◆ Task goal: Nothing in the records should differ when you write them out again.

◆ Material for the task:
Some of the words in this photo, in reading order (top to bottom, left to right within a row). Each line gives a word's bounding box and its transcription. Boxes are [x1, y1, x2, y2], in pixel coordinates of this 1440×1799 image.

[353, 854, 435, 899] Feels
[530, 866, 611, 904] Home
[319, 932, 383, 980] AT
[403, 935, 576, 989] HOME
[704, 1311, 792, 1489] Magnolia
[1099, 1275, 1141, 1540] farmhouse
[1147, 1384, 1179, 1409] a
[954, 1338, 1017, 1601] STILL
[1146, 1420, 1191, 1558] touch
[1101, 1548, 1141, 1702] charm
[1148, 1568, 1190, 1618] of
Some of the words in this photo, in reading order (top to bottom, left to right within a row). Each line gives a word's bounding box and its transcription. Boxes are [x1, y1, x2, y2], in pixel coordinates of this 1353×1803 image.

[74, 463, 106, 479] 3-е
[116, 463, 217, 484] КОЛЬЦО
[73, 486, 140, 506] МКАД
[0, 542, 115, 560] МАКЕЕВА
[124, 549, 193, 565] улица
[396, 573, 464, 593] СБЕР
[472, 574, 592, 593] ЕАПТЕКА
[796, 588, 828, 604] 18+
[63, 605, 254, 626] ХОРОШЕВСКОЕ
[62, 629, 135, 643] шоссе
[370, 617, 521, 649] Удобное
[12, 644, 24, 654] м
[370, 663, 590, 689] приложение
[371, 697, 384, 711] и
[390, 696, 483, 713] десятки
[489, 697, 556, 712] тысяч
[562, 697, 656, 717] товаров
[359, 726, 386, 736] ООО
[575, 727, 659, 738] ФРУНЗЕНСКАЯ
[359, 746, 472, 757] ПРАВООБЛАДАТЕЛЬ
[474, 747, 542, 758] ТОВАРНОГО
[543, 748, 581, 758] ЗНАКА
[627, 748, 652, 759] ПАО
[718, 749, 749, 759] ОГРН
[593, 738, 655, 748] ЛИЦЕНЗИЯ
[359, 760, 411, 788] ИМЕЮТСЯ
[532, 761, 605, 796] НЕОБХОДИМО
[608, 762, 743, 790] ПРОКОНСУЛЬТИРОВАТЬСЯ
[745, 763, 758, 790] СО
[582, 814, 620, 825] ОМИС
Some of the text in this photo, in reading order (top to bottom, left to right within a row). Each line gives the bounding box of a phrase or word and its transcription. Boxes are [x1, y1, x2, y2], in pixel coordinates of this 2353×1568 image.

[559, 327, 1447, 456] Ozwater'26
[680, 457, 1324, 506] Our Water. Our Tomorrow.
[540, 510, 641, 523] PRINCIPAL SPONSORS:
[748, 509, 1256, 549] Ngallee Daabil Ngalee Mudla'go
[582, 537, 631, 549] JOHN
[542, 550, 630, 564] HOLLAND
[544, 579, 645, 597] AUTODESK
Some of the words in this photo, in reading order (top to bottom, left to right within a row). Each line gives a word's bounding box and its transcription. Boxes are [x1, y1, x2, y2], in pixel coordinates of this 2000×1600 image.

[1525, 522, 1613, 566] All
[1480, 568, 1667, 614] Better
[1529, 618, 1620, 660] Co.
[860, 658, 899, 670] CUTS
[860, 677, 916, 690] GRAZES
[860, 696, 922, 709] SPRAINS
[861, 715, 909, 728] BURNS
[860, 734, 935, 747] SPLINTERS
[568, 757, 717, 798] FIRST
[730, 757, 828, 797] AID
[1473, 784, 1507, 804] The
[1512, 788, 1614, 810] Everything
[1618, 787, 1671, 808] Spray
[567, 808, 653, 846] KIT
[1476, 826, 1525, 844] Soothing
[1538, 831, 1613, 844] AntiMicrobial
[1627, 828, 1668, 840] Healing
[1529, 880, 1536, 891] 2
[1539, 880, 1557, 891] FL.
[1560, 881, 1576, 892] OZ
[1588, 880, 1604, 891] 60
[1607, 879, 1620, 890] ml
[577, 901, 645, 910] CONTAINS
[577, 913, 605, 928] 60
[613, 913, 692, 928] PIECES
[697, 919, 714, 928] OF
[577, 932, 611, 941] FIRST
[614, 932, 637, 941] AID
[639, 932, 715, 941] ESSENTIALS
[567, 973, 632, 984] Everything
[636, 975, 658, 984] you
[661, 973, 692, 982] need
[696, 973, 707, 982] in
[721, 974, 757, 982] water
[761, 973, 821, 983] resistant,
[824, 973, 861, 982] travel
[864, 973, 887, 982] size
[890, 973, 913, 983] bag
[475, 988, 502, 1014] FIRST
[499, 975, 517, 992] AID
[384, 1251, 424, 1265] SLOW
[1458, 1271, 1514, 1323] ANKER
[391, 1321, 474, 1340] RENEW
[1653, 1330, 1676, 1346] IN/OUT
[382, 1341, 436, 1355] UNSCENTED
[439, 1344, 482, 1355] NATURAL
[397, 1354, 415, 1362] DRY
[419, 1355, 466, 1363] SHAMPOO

◆ Written response:
Some of the words in this photo, in reading order (top to bottom, left to right within a row). Each line gives a word's bounding box and its transcription. Boxes are [x1, y1, x2, y2], in pixel coordinates of this 1440×1799 image.

[353, 854, 435, 899] Feels
[530, 866, 611, 904] Home
[319, 932, 383, 980] AT
[403, 935, 576, 989] HOME
[704, 1311, 792, 1489] Magnolia
[1099, 1275, 1141, 1540] farmhouse
[1147, 1384, 1179, 1409] a
[954, 1338, 1017, 1601] STILL
[1146, 1420, 1191, 1558] touch
[1101, 1548, 1141, 1702] charm
[1148, 1568, 1190, 1618] of
Some of the words in this photo, in reading order (top to bottom, left to right within a row). Each line gives a word's bounding box and its transcription. Boxes are [x1, y1, x2, y2], in pixel coordinates of this 1353×1803 image.

[74, 463, 106, 479] 3-е
[116, 463, 217, 484] КОЛЬЦО
[73, 486, 140, 506] МКАД
[0, 542, 115, 560] МАКЕЕВА
[124, 549, 193, 565] улица
[396, 573, 464, 593] СБЕР
[472, 574, 592, 593] ЕАПТЕКА
[796, 588, 828, 604] 18+
[63, 605, 254, 626] ХОРОШЕВСКОЕ
[62, 629, 135, 643] шоссе
[370, 617, 521, 649] Удобное
[12, 644, 24, 654] м
[370, 663, 590, 689] приложение
[371, 697, 384, 711] и
[390, 696, 483, 713] десятки
[489, 697, 556, 712] тысяч
[562, 697, 656, 717] товаров
[359, 726, 386, 736] ООО
[575, 727, 659, 738] ФРУНЗЕНСКАЯ
[359, 746, 472, 757] ПРАВООБЛАДАТЕЛЬ
[474, 747, 542, 758] ТОВАРНОГО
[543, 748, 581, 758] ЗНАКА
[627, 748, 652, 759] ПАО
[718, 749, 749, 759] ОГРН
[593, 738, 655, 748] ЛИЦЕНЗИЯ
[359, 760, 411, 788] ИМЕЮТСЯ
[532, 761, 605, 796] НЕОБХОДИМО
[608, 762, 743, 790] ПРОКОНСУЛЬТИРОВАТЬСЯ
[745, 763, 758, 790] СО
[582, 814, 620, 825] ОМИС
Some of the text in this photo, in reading order (top to bottom, left to right within a row). Each line gives the bounding box of a phrase or word and its transcription. Boxes are [x1, y1, x2, y2], in pixel coordinates of this 2353×1568 image.

[559, 327, 1447, 456] Ozwater'26
[680, 457, 1324, 506] Our Water. Our Tomorrow.
[540, 510, 641, 523] PRINCIPAL SPONSORS:
[748, 509, 1256, 549] Ngallee Daabil Ngalee Mudla'go
[582, 537, 631, 549] JOHN
[542, 550, 630, 564] HOLLAND
[544, 579, 645, 597] AUTODESK
Some of the words in this photo, in reading order (top to bottom, left to right within a row). Each line gives a word's bounding box and its transcription. Boxes are [x1, y1, x2, y2], in pixel coordinates of this 2000×1600 image.

[1525, 522, 1613, 566] All
[1480, 568, 1667, 614] Better
[1529, 618, 1620, 660] Co.
[860, 658, 899, 670] CUTS
[860, 677, 916, 690] GRAZES
[860, 696, 922, 709] SPRAINS
[861, 715, 909, 728] BURNS
[860, 734, 935, 747] SPLINTERS
[568, 757, 717, 798] FIRST
[730, 757, 828, 797] AID
[1473, 784, 1507, 804] The
[1512, 788, 1614, 810] Everything
[1618, 787, 1671, 808] Spray
[567, 808, 653, 846] KIT
[1476, 826, 1525, 844] Soothing
[1538, 831, 1613, 844] AntiMicrobial
[1627, 828, 1668, 840] Healing
[1529, 880, 1536, 891] 2
[1539, 880, 1557, 891] FL.
[1560, 881, 1576, 892] OZ
[1588, 880, 1604, 891] 60
[1607, 879, 1620, 890] ml
[577, 901, 645, 910] CONTAINS
[577, 913, 605, 928] 60
[613, 913, 692, 928] PIECES
[697, 919, 714, 928] OF
[577, 932, 611, 941] FIRST
[614, 932, 637, 941] AID
[639, 932, 715, 941] ESSENTIALS
[567, 973, 632, 984] Everything
[636, 975, 658, 984] you
[661, 973, 692, 982] need
[696, 973, 707, 982] in
[721, 974, 757, 982] water
[761, 973, 821, 983] resistant,
[824, 973, 861, 982] travel
[864, 973, 887, 982] size
[890, 973, 913, 983] bag
[475, 988, 502, 1014] FIRST
[499, 975, 517, 992] AID
[384, 1251, 424, 1265] SLOW
[1458, 1271, 1514, 1323] ANKER
[391, 1321, 474, 1340] RENEW
[1653, 1330, 1676, 1346] IN/OUT
[382, 1341, 436, 1355] UNSCENTED
[439, 1344, 482, 1355] NATURAL
[397, 1354, 415, 1362] DRY
[419, 1355, 466, 1363] SHAMPOO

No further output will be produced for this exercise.